Required work: Please set down the whole listing again, precisely.

Records to use:
*-*-*

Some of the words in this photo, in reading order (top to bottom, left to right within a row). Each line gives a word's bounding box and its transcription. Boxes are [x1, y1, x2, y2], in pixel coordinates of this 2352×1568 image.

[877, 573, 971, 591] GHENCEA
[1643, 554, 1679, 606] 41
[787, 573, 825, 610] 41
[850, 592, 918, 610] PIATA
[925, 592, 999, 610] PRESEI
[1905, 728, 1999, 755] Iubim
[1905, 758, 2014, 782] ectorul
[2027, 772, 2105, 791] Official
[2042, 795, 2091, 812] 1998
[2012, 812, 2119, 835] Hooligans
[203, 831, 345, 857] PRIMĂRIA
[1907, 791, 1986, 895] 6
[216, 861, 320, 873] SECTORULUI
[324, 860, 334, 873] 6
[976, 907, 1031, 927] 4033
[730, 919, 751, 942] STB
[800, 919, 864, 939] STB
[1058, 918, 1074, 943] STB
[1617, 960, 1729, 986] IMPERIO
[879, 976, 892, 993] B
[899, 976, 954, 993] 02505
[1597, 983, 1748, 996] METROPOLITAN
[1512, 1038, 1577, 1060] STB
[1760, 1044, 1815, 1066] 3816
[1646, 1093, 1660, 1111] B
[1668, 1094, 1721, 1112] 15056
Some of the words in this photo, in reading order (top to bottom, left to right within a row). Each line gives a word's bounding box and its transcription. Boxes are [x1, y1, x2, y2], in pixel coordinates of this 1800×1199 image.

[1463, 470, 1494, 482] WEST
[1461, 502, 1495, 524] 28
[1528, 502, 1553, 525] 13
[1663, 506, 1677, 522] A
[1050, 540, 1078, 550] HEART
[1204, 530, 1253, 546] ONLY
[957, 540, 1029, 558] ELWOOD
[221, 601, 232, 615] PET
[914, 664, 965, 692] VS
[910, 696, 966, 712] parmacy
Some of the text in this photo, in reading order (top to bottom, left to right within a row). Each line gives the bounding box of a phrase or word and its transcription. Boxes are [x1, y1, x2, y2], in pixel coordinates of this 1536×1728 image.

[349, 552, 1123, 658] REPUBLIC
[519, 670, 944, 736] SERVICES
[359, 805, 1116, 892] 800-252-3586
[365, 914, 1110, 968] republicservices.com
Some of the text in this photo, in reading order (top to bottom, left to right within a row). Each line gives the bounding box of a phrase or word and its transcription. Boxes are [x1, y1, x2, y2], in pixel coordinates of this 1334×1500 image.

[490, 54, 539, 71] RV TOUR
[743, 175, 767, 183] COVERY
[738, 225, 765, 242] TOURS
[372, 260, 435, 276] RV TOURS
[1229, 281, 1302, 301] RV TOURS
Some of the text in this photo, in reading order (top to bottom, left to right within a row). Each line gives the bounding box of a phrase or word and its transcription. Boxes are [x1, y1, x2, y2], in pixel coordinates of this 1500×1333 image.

*-*-*

Response box:
Some of the words in this photo, in reading order (top to bottom, left to right within a row). Each line gives a word's bounding box and its transcription. Boxes are [x1, y1, x2, y2], in pixel coordinates of this 2352×1568 image.

[877, 573, 971, 591] GHENCEA
[1643, 554, 1679, 606] 41
[787, 573, 825, 610] 41
[850, 592, 918, 610] PIATA
[925, 592, 999, 610] PRESEI
[1905, 728, 1999, 755] Iubim
[1905, 758, 2014, 782] ectorul
[2027, 772, 2105, 791] Official
[2042, 795, 2091, 812] 1998
[2012, 812, 2119, 835] Hooligans
[203, 831, 345, 857] PRIMĂRIA
[1907, 791, 1986, 895] 6
[216, 861, 320, 873] SECTORULUI
[324, 860, 334, 873] 6
[976, 907, 1031, 927] 4033
[730, 919, 751, 942] STB
[800, 919, 864, 939] STB
[1058, 918, 1074, 943] STB
[1617, 960, 1729, 986] IMPERIO
[879, 976, 892, 993] B
[899, 976, 954, 993] 02505
[1597, 983, 1748, 996] METROPOLITAN
[1512, 1038, 1577, 1060] STB
[1760, 1044, 1815, 1066] 3816
[1646, 1093, 1660, 1111] B
[1668, 1094, 1721, 1112] 15056
Some of the words in this photo, in reading order (top to bottom, left to right within a row). Each line gives a word's bounding box and its transcription. Boxes are [x1, y1, x2, y2], in pixel coordinates of this 1800×1199 image.

[1463, 470, 1494, 482] WEST
[1461, 502, 1495, 524] 28
[1528, 502, 1553, 525] 13
[1663, 506, 1677, 522] A
[1050, 540, 1078, 550] HEART
[1204, 530, 1253, 546] ONLY
[957, 540, 1029, 558] ELWOOD
[221, 601, 232, 615] PET
[914, 664, 965, 692] VS
[910, 696, 966, 712] parmacy
Some of the text in this photo, in reading order (top to bottom, left to right within a row). Each line gives the bounding box of a phrase or word and its transcription. Boxes are [x1, y1, x2, y2], in pixel coordinates of this 1536×1728 image.

[349, 552, 1123, 658] REPUBLIC
[519, 670, 944, 736] SERVICES
[359, 805, 1116, 892] 800-252-3586
[365, 914, 1110, 968] republicservices.com
Some of the text in this photo, in reading order (top to bottom, left to right within a row). Each line gives the bounding box of a phrase or word and its transcription. Boxes are [x1, y1, x2, y2], in pixel coordinates of this 1334×1500 image.

[490, 54, 539, 71] RV TOUR
[743, 175, 767, 183] COVERY
[738, 225, 765, 242] TOURS
[372, 260, 435, 276] RV TOURS
[1229, 281, 1302, 301] RV TOURS
Some of the text in this photo, in reading order (top to bottom, left to right within a row). Each line gives the bounding box of a phrase or word and its transcription. Boxes are [x1, y1, x2, y2], in pixel coordinates of this 1500×1333 image.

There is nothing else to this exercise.